Hypothyroidism impairs long-term potentiation in sympathetic ganglia: Electrophysiologic and molecular studies

Electrophysiologic and molecular techniques were used to study the effect of adult-onset hypothyroidism on synaptic plasticity in the superior cervical sympathetic ganglion. Ganglia excised from adult thyroidectomized and sham-operated rats were subjected to a brief high-frequency stimulation of the preganglionic nerve to express long-term potentiation (gLTP).
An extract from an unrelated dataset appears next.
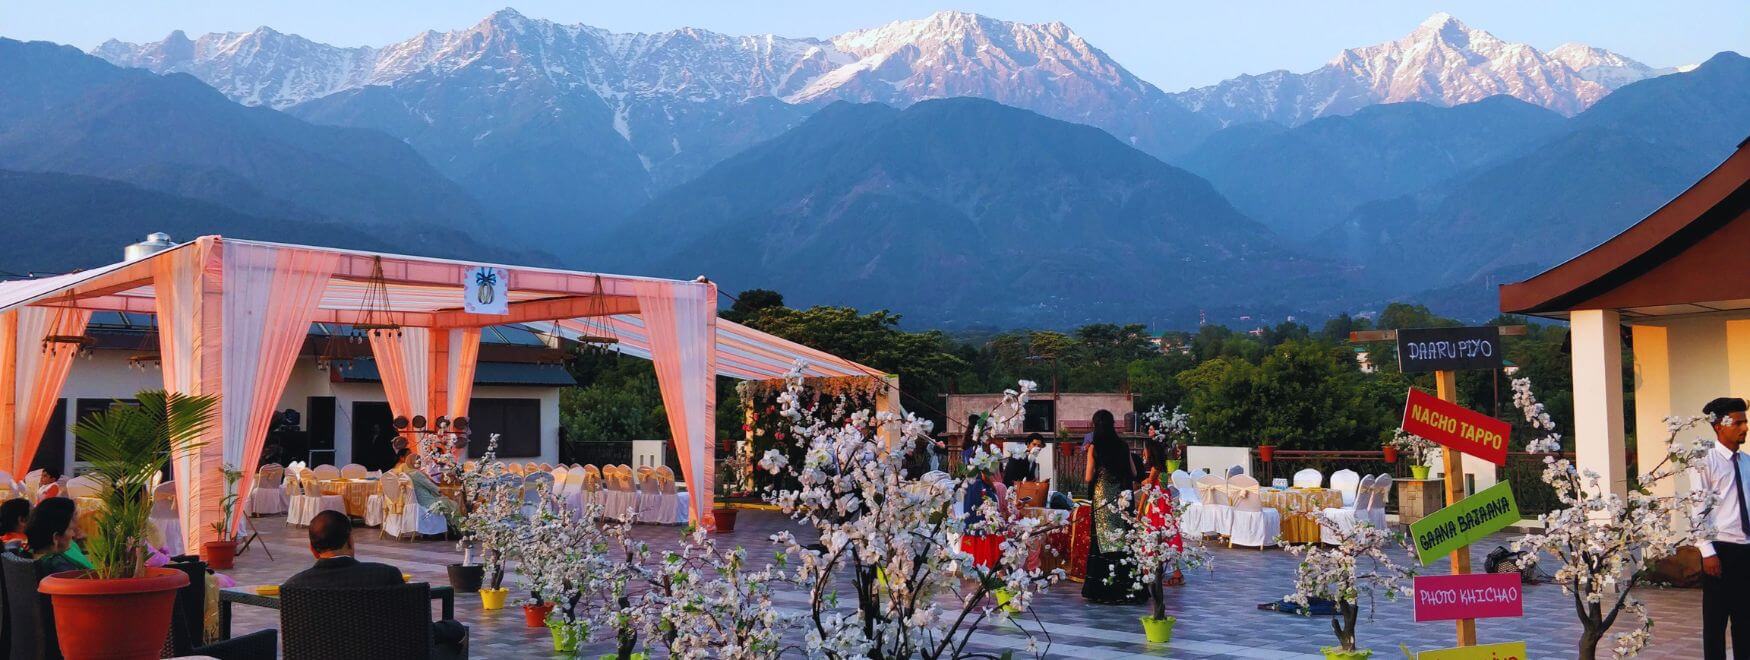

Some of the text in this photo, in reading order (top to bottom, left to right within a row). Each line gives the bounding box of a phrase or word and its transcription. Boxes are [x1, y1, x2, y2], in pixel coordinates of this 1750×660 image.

Western blotting was carried out to determine the protein levels of key signaling molecules that may be involved in the expression of gLTP. Input/output relationship in ganglia from hypothyroid rats indicated a normal basal synaptic transmission, whereas activity-dependent types of synaptic plasticity, posttetanic potentiation (PTP) and gLTP, were impaired. Immunoblot analysis showed that both calcium/calmodulin kinase II (CaMKII) and phosphorylated CaMKII (P-CaMKII) levels were reduced markedly in hypothyroid rat ganglia compared to those from euthyroid controls. Additionally, protein levels of nitric oxide synthase-1, heme oxygenase-2, calmodulin, protein kinase C (PKC), and calcineurin were also reduced in hypothyroid rat ganglia. The results indicate that abnormally low basal levels of signaling molecules may be responsible for hypothyroidism-induced impairment of gLTP in superior cervical ganglia. In addition, the results indicate that synaptic plasticity in sympathetic ganglia may involve a molecular sequence of events similar to that proposed for LTP in the hippocampus. (C) 2004 Wiley-Liss, Inc.